How you love, argue, pull close, or pull away — so much of it traces back to a pattern that formed before you had words for it. Attachment theory calls this your attachment style, and understanding yours can be one of the most clarifying things you do for your relationships.

As a couples therapist, I work with attachment patterns every day. I've seen how much shifts for individuals — and for couples — when they finally have a way to understand why they keep having the same fight, over and over again. And why its so hard to make their relationship closer and more loving.

This quiz identifies which of the four attachment styles best describes you. It takes about 90 seconds.

The Four Attachment Styles: What They Mean

Secure Attachment

People with a secure attachment style are generally comfortable with closeness and don't panic when a partner needs space. They trust that relationships can survive conflict and repair after a fight. They're not without struggles, but they tend to communicate needs more directly and tolerate the uncertainty that comes with loving someone more easily. Secure attachment is the goal — and it's learnable, even if it wasn't where you started.

Anxious Attachment

If you find yourself reading into text response times, needing more reassurance than feels comfortable, or feeling like you're always the one who cares more — anxious attachment may be your pattern. This style tends to develop when early caregiving was loving but inconsistent. The result is a nervous system that learned to stay hypervigilant to signs of abandonment or rejection.

Avoidant Attachment

People with an avoidant style often prize independence — sometimes to the point where genuine closeness starts to feel threatening. They may want connection but find that intimacy triggers a pull toward withdrawal or emotional shutdown. This style often develops in environments where emotional needs were routinely dismissed, or where self-reliance was the only reliable option available.

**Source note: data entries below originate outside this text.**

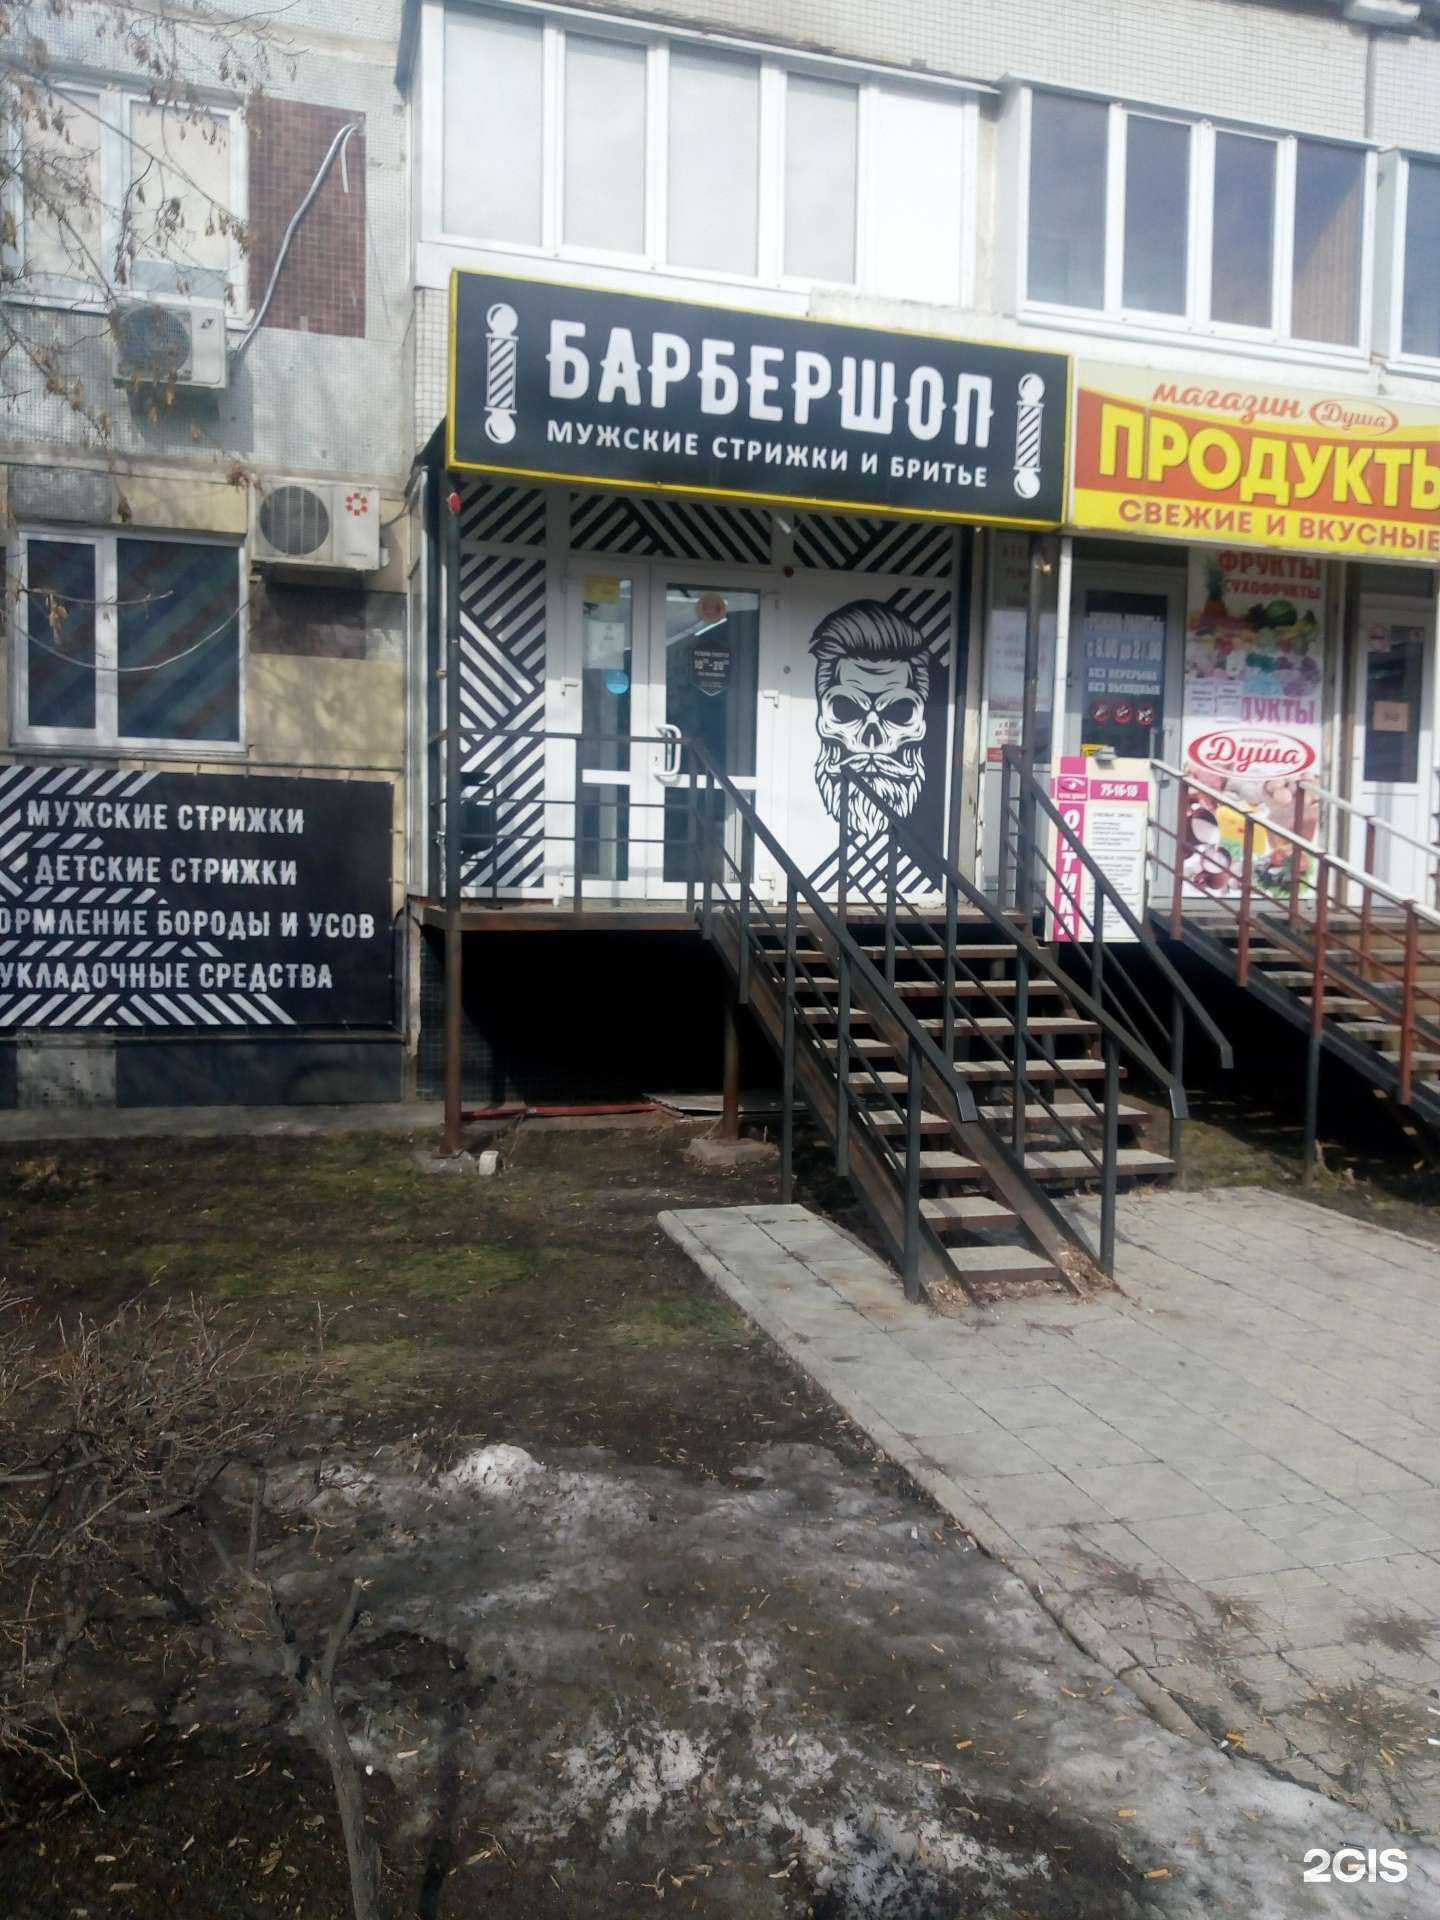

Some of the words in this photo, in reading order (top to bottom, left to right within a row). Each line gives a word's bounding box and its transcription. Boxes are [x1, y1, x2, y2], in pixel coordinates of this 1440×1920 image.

[546, 319, 995, 448] БАРБЕРШОП
[1152, 384, 1302, 424] магазин
[1321, 403, 1389, 431] Душа
[547, 419, 699, 456] МУЖСКИЕ
[712, 436, 850, 471] СТРИЖКИ
[861, 452, 879, 475] И
[890, 454, 989, 488] БРИТЬЕ
[1118, 499, 1253, 534] СВЕЖИЕ
[1266, 514, 1286, 537] И
[1300, 518, 1440, 553] ВКУСНЫЕ
[1217, 550, 1322, 580] ФРУКТЫ
[1206, 736, 1300, 773] Душа
[26, 800, 168, 831] МУЖСКИЕ
[177, 804, 305, 834] СТРИЖКИ
[34, 854, 161, 885] ДЕТСКИЕ
[171, 857, 298, 886] СТРИЖКИ
[158, 910, 270, 941] БОРОДЫ
[282, 912, 298, 937] И
[309, 912, 375, 939] УСОВ
[0, 962, 190, 993] УКЛАДОЧНЫЕ
[199, 962, 333, 993] СРЕДСТВА

Fearful-Avoidant Attachment

This is the most complex of the four. People with a fearful-avoidant style want closeness and fear it at the same time. They may swing between intense connection-seeking and sudden withdrawal in ways that confuse both themselves and their partners. This pattern is often associated with early experiences where caregivers were simultaneously a source of comfort and fear.

Can Your Attachment Style Change?

Yes — and this is probably the most important thing to know. Attachment styles aren't fixed. Research consistently shows that people can move toward more secure functioning, particularly through meaningful relationships and good therapy.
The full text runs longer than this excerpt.